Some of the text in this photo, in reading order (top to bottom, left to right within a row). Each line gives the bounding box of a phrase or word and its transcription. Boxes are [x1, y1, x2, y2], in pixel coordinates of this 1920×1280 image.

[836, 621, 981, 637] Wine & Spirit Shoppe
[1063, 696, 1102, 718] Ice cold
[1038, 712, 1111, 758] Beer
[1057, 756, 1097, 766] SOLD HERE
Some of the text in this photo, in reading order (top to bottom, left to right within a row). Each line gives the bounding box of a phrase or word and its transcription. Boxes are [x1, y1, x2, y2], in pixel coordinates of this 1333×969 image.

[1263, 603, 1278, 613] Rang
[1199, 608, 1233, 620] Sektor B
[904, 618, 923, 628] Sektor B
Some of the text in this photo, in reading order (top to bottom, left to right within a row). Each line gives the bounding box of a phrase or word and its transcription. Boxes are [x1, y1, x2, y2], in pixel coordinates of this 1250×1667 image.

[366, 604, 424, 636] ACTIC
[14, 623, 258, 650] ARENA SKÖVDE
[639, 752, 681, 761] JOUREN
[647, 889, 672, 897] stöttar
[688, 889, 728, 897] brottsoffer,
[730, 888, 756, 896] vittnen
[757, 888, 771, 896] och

---------------

> _EXERCISE DIRECTIONS_
Write out word for word every line from the one containing "this 1333×969 image." through the last line of the data, and no other line.

> _ANSWER FOR THIS EXERCISE_
Some of the text in this photo, in reading order (top to bottom, left to right within a row). Each line gives the bounding box of a phrase or word and its transcription. Boxes are [x1, y1, x2, y2], in pixel coordinates of this 1333×969 image.

[1263, 603, 1278, 613] Rang
[1199, 608, 1233, 620] Sektor B
[904, 618, 923, 628] Sektor B
Some of the text in this photo, in reading order (top to bottom, left to right within a row). Each line gives the bounding box of a phrase or word and its transcription. Boxes are [x1, y1, x2, y2], in pixel coordinates of this 1250×1667 image.

[366, 604, 424, 636] ACTIC
[14, 623, 258, 650] ARENA SKÖVDE
[639, 752, 681, 761] JOUREN
[647, 889, 672, 897] stöttar
[688, 889, 728, 897] brottsoffer,
[730, 888, 756, 896] vittnen
[757, 888, 771, 896] och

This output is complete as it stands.